TASK DIRECTIONS
Your task is to transcribe the entries exactly.

○ ○ ○

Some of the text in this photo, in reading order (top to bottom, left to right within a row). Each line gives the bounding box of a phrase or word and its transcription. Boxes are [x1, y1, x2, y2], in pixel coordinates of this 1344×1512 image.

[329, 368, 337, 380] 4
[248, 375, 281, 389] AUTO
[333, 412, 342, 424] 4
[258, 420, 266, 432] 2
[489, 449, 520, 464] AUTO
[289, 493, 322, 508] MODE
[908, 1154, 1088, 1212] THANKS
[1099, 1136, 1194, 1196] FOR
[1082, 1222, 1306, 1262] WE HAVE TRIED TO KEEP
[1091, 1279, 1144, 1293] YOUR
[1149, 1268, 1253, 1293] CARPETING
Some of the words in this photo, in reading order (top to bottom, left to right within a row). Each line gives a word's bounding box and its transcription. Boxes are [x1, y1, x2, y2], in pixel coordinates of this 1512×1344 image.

○ ○ ○

SOLUTION
Some of the text in this photo, in reading order (top to bottom, left to right within a row). Each line gives the bounding box of a phrase or word and its transcription. Boxes are [x1, y1, x2, y2], in pixel coordinates of this 1344×1512 image.

[329, 368, 337, 380] 4
[248, 375, 281, 389] AUTO
[333, 412, 342, 424] 4
[258, 420, 266, 432] 2
[489, 449, 520, 464] AUTO
[289, 493, 322, 508] MODE
[908, 1154, 1088, 1212] THANKS
[1099, 1136, 1194, 1196] FOR
[1082, 1222, 1306, 1262] WE HAVE TRIED TO KEEP
[1091, 1279, 1144, 1293] YOUR
[1149, 1268, 1253, 1293] CARPETING
Some of the words in this photo, in reading order (top to bottom, left to right within a row). Each line gives a word's bounding box and its transcription. Boxes are [x1, y1, x2, y2], in pixel coordinates of this 1512×1344 image.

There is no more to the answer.